High contrast calculations are performed by analyzing multiple ROIs and calculating the maximum and minimum pixel value from each ROI. An ROI is used for each high contrast region (e.g. each line pair region). The contrast is first calculated, then normalized. The high contrast calculation uses the Michelson contrast, aka visibility. See here for more comparisons: https://en.wikipedia.org/wiki/Display_contrast

\[\frac{ \frac{I_{max} - I_{min}}{I_{max} + I_{min}}}{\max{\left( \frac{I_{max} - I_{min}}{I_{max} + I_{min}}\right)}}\]

where \(I = {1, ..., n}\) line pair ROIs.

Low contrast¶

Low contrast calculations are also performed by analyzing multiple ROIs, but each ROI has only one value: the median pixel value. These pixel values are compared to a reference ROI. However, that comparison is different depending on who you ask. Previously, pylinac gave only the Michelson contrast as the low contrast option. However, there are now multiple options available.

Note

The combination of low contrast and ROI size is handled in the next section. Do not confuse low contrast with visibility/perception.

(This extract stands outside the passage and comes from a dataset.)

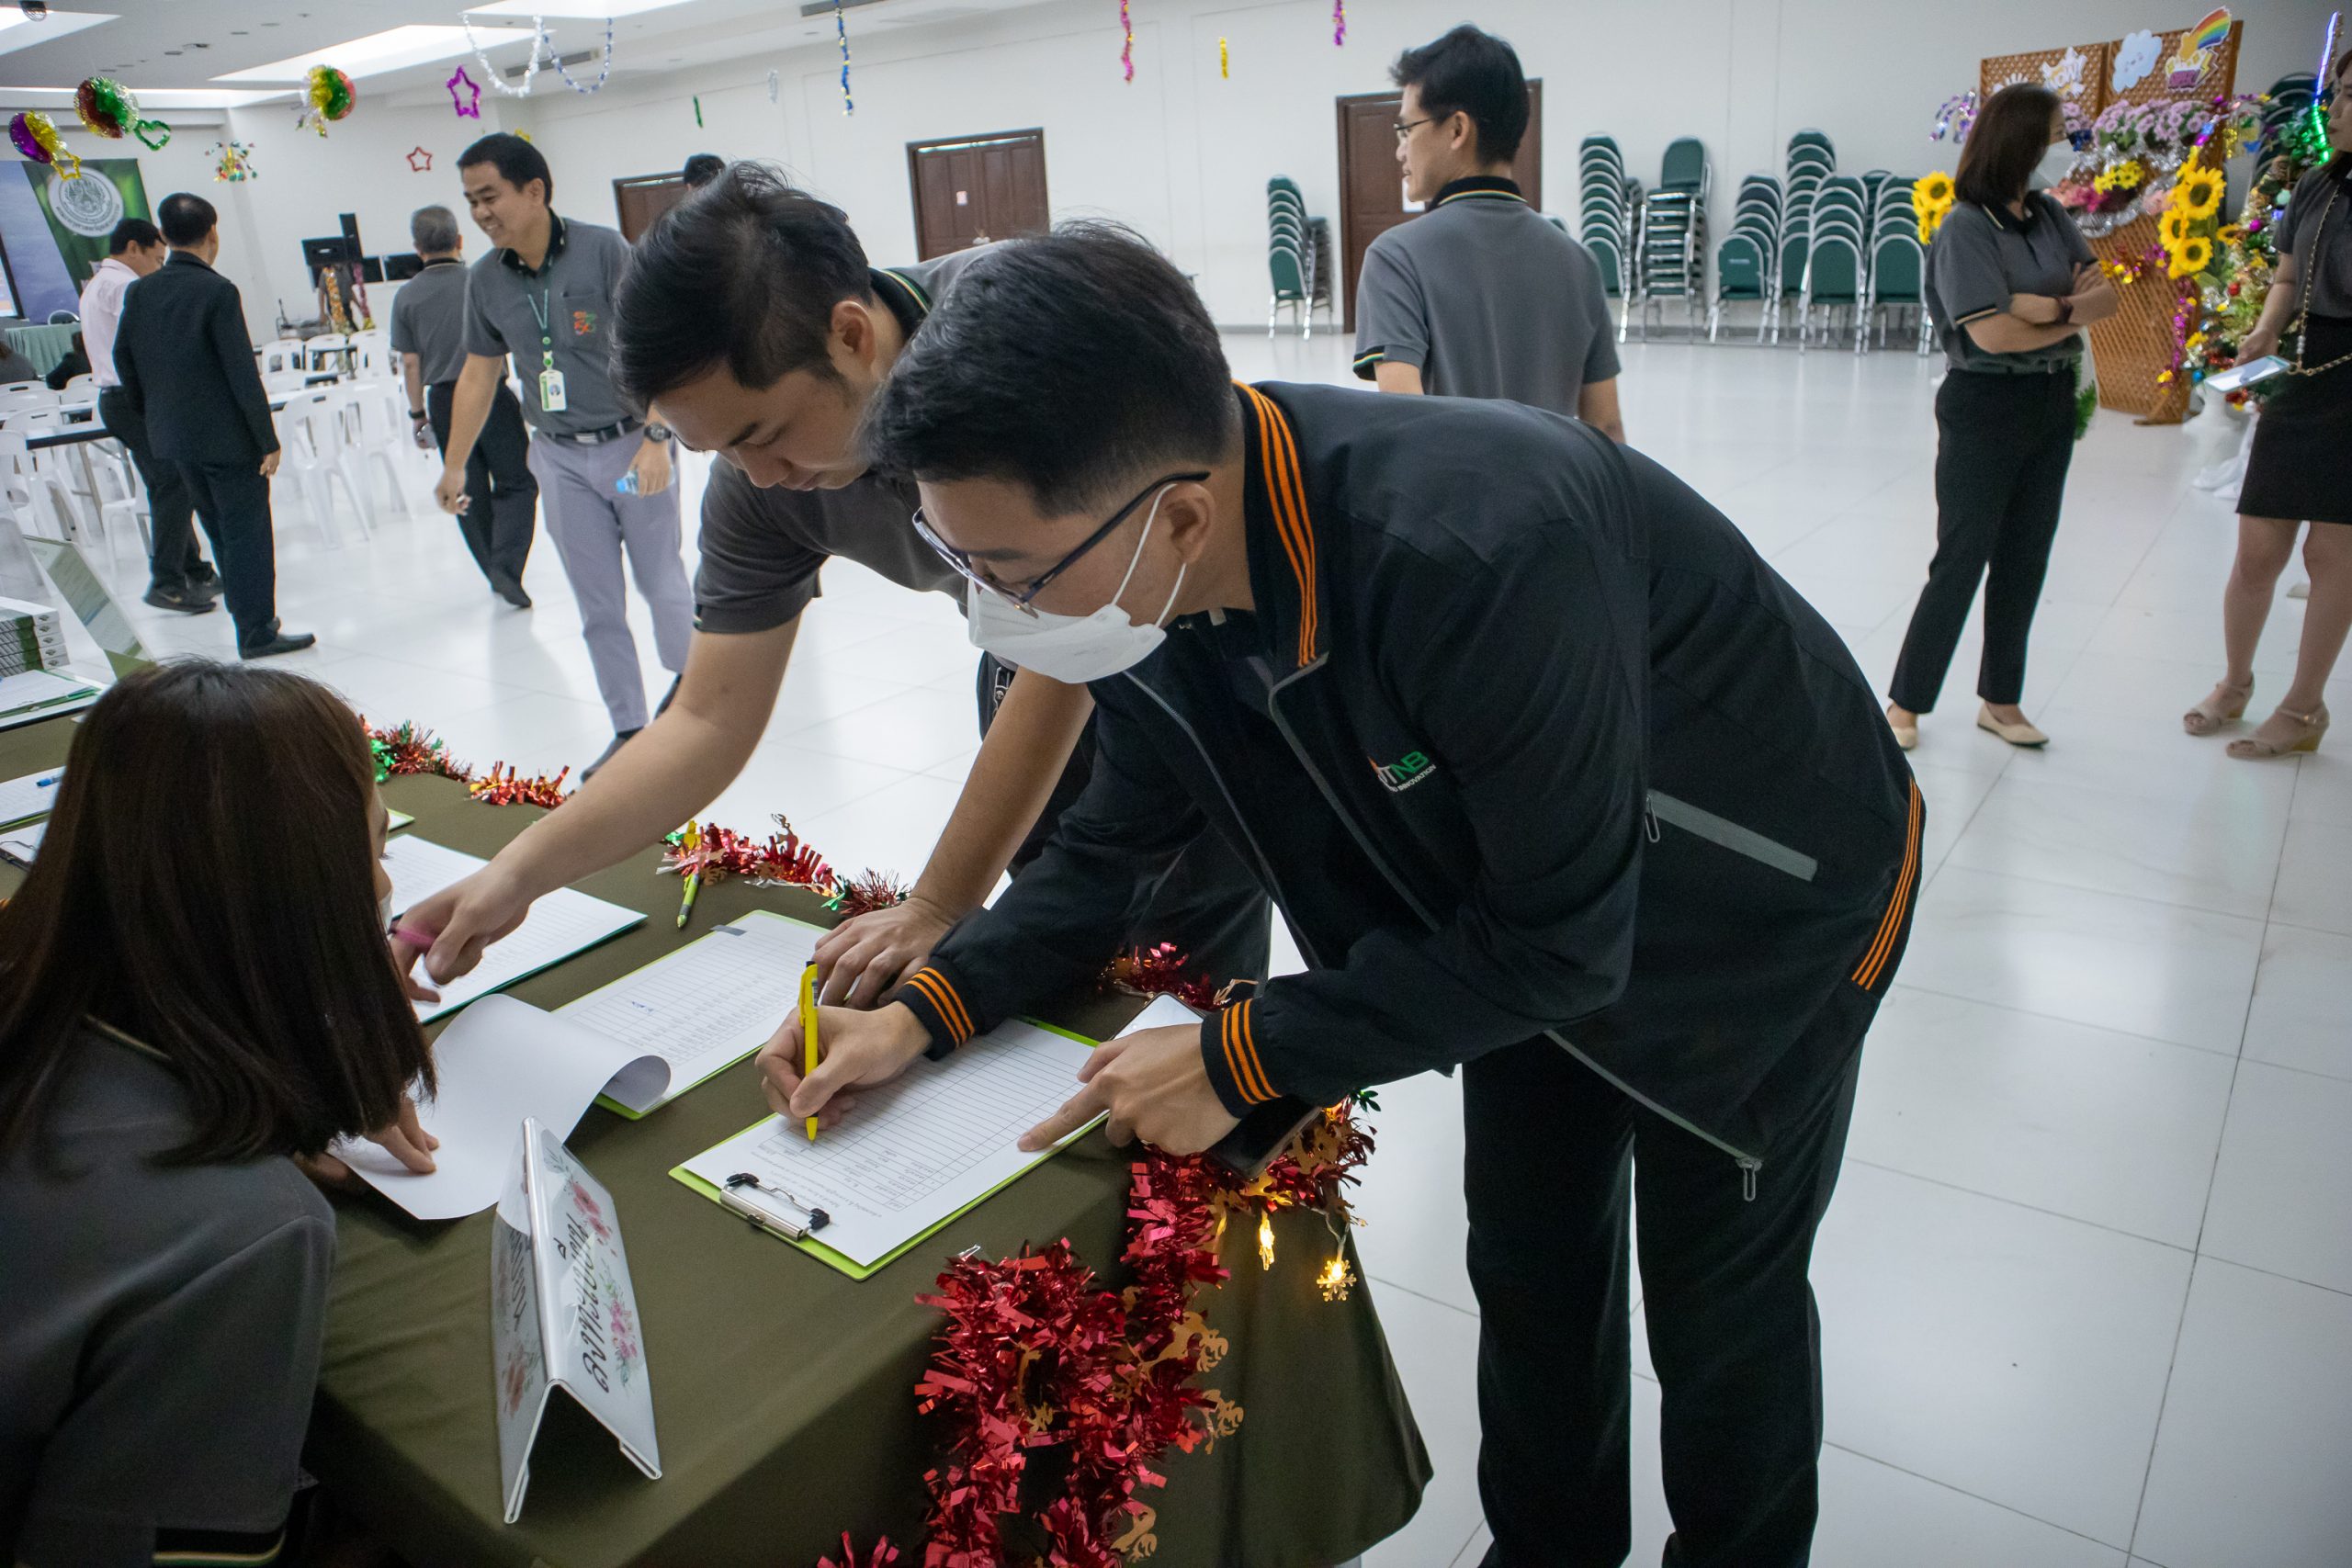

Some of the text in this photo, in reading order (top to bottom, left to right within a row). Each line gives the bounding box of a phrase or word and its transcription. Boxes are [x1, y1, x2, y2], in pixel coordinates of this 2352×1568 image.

[1396, 764, 1436, 791] INNOVATION
[554, 1213, 609, 1393] ลงทะเบียน

For all below \(I\) is the given ROI and \(R\) is the reference ROI.

Michelson (default; good choice)

\[\frac{I_{mean} - R_{mean}}{I_{mean} + R_{mean}}\]

Weber

\[\frac{I_{mean} - R_{mean}}{I_{mean}}\]

Ratio

\[\frac{I_{mean}}{R_{mean}}\]

Visibility¶

Visibility is the ability for humans to detect signal against noise. Visibility is a component of low contrast detectability. Typically, low contrast is evaluated irrespective of the size of the object. However, as a phantom like the Las Vegas or CatPhan 515 module shows, a large-sized object with small contrast might be seen, but a small-sized object of the same contrast might not. This is referred to as visibility. Visibility in pylinac is a derivation of the Rose model, defined here as:

\[Visibility(I) = Contrast(I) * \sqrt{Area(I) * DQE(I)} = Contrast(I) * \frac{\sqrt{\pi * I_{radius}^2}}{I_{std}}\]

where contrast is an option from the low contrast methods.

Note

What is meant by “noise” is unclear in the literature. Technically, it was meant to be the detective quantum efficiency. For simplicity and easy of understanding, the standard deviation works.

Note

Pylinac ROIs are smaller than that actual size of the contrast ROI on the phantom. Uncertainty in the phantom detection algorithm means that the ROIs must be smaller to allow tolerance in the algorithm. Thus, visibility is a very specific number that depends on the size of the sampling ROI.

Contrast-to-noise ratio¶

The contrast to noise ratio (CNR) is defined as follows:

\[CNR(I) = \frac{Contrast(I)}{noise(I)} = \frac{Contrast(I)}{stdev(I)}\]

where contrast is an option from the low contrast methods.

Modulation Transfer Function (MTF)¶

The MTF is used in CBCT and planar imaging metrics to describe high-contrast characteristics of the imaging system. An excellent introduction is here: https://www.edmundoptics.com/knowledge-center/application-notes/optics/introduction-to-modulation-transfer-function/ In pylinac, MTF is calculated using equation 3 of the above reference:

\[contrast = \frac{I_{max} - I_{min}}{I_{max} + I_{min}}\]

Then, all the contrasts are normalized to the largest one, resulting in a normalized MTF or rMTF (relative). Pylinac only reports rMTF values. This is the first of two inputs. The other is the line pair spacing. The spacing is usually provided by the phantom manufacturer. The rMTF is the plotted against the line pair/mm values. Also from this data the MTF at a certain percentage (e.g. 50%) can be determined in units of lp/mm.

However, it’s important to know what \(I_{max}\) and \(I_{min}\) means here. For a line pair set, each bar and space-between is one contrast value. Thus, one contrast value is calculated for each bar/space combo. For phantoms with areas of the same spacing (e.g. the Leeds), all bars and spaces are the same and thus we can use an area-based ROI for the input to the contrast equation.